Task goal » Write the records below out again word for word, with the pictures removed.

Records for this exercise »
■ ■ ■
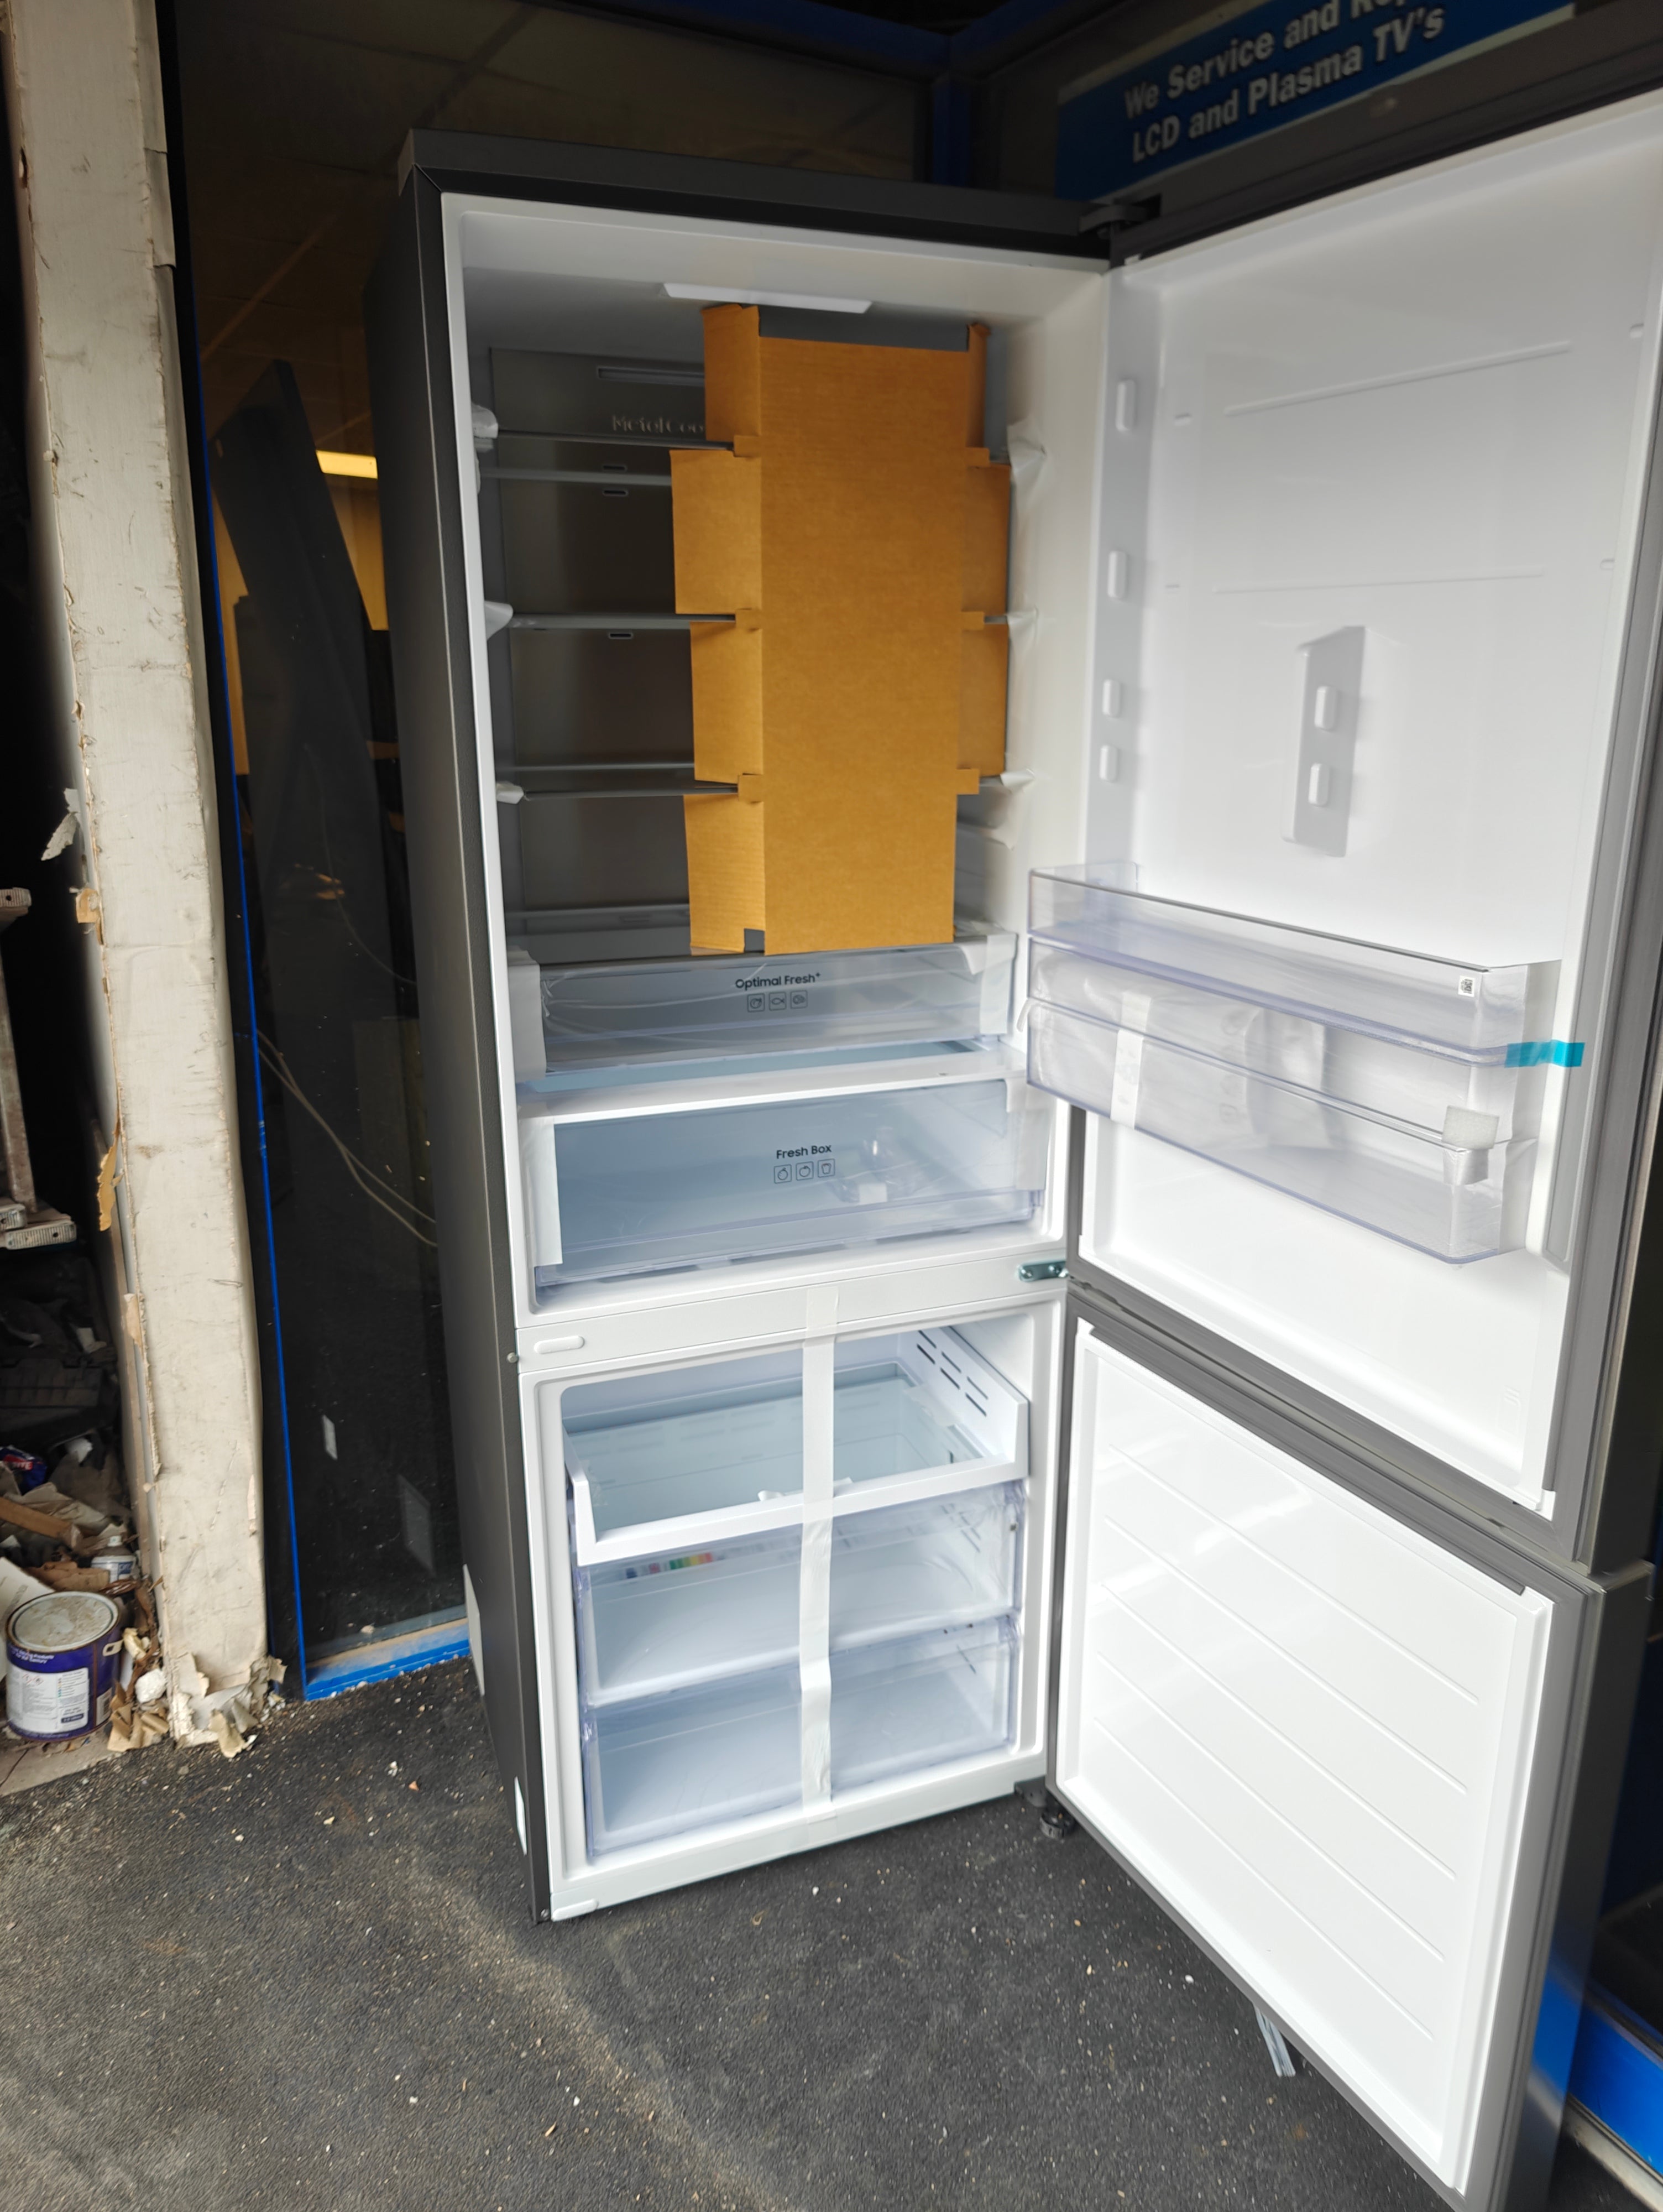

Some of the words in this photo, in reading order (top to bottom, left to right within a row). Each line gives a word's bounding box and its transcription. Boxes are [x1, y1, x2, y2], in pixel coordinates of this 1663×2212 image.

[1124, 81, 1159, 118] We
[1167, 32, 1275, 99] Service
[1284, 0, 1340, 49] and
[1132, 114, 1180, 163] LCD
[1188, 88, 1239, 139] and
[1247, 44, 1364, 115] Plasma
[1372, 7, 1445, 62] TV's
[735, 976, 782, 991] Optimal
[776, 1147, 808, 1159] Fresh
[811, 1145, 832, 1155] Box
■ ■ ■
Expected answer »
Some of the words in this photo, in reading order (top to bottom, left to right within a row). Each line gives a word's bounding box and its transcription. Boxes are [x1, y1, x2, y2], in pixel coordinates of this 1663×2212 image.

[1124, 81, 1159, 118] We
[1167, 32, 1275, 99] Service
[1284, 0, 1340, 49] and
[1132, 114, 1180, 163] LCD
[1188, 88, 1239, 139] and
[1247, 44, 1364, 115] Plasma
[1372, 7, 1445, 62] TV's
[735, 976, 782, 991] Optimal
[776, 1147, 808, 1159] Fresh
[811, 1145, 832, 1155] Box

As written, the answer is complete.